The tort of intentional interference with business relations requires "an existing business relationship with specific third parties or a prospective relationship with an identifiable class of third persons." Trau-Med, 71 S.W.3d at 701 n.4 (adopting R (S) T § 766B cmt. c). One of the elements of this tort is estatement econd of orts [6] "improper motive or improper means." Id. at 701.

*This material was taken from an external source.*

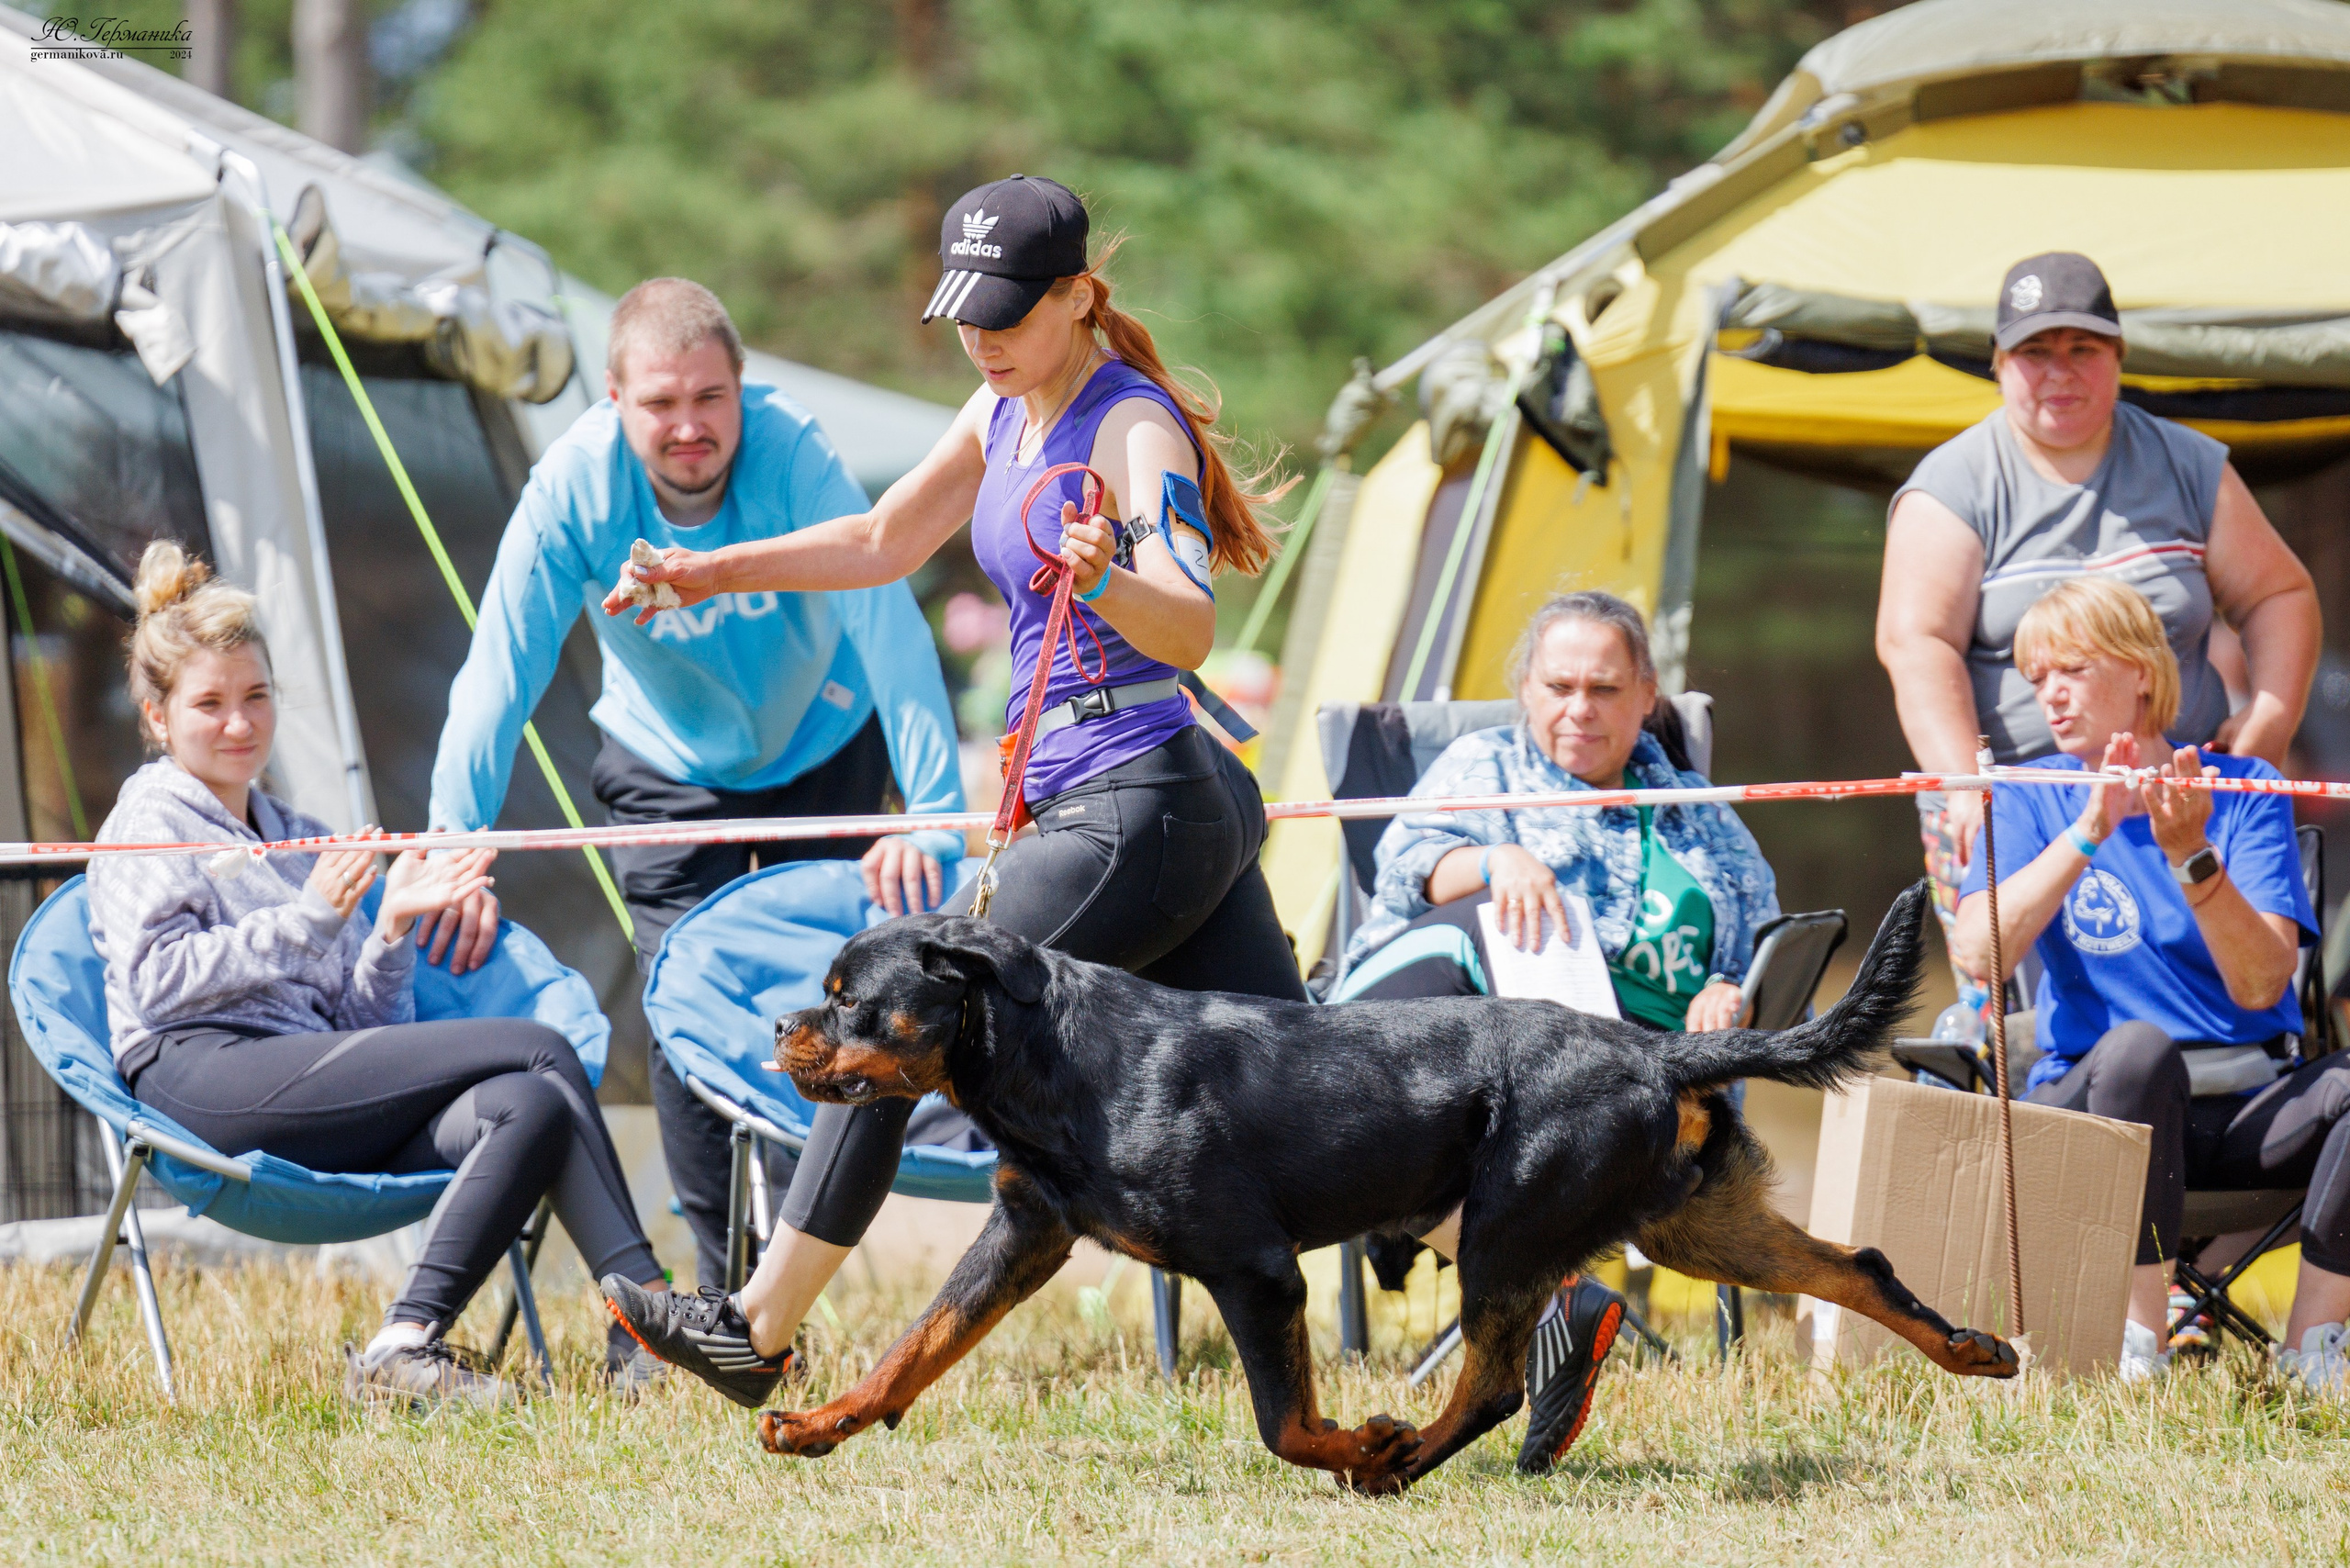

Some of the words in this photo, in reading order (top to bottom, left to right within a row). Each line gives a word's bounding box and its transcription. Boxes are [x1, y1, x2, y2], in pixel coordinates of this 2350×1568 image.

[950, 238, 1002, 260] adidas
[1194, 549, 1207, 569] 2
[1058, 804, 1086, 818] Reebok

Chapter 37 of the Restatement (Second) of Torts is titled "Interference with Contract or Prospective Contractual Relation." Restatement (Second) of Torts Ch. 37 Introductory Note. Chapter 37 consists of sections 766 through 774A. Sections 768 through 773 address factors affecting whether interference is improper, and these factors apply to both intentional interference with contract and intentional interference with business relations. Restatement (Second) of Torts § 767 cmt a. Thus, the reasoning discussed above concerning section 772 applies with respect to intentional interference with business relations. The truth of the statements made in Heard's letter negates the improper motive or means necessary for this cause of action. Thus, the trial court properly granted summary judgment on the claim for intentional interference with business relations.

Libel of title

One of the elements that a plaintiff must prove in order to make a claim for libel of title is that "the defendant published false statements about the title to the property." Brooks v. Lambert, 15 S.W.3d 482, 484 (Tenn. Ct. App. 1999). The truth of the statements in Heard's letter negates this element, therefore the trial court properly granted summary judgment on this cause of action.

Conspiracy

To make out a claim for civil conspiracy, the plaintiff must show "an underlying predicate tort allegedly committed pursuant to the conspiracy." Watson's Carpet & Floor Coverings, Inc. v. McCormick, 247 S.W.3d 169, 186 (Tenn. Ct. App. 2007). Because all of the other torts Malloy alleged were properly dismissed, there can be no claim for civil conspiracy, and the trial court properly dismissed this cause of action on summary judgment.

Conclusion

The judgment of the trial court is affirmed. Costs of appeal are assessed against the appellant, and execution may issue if necessary.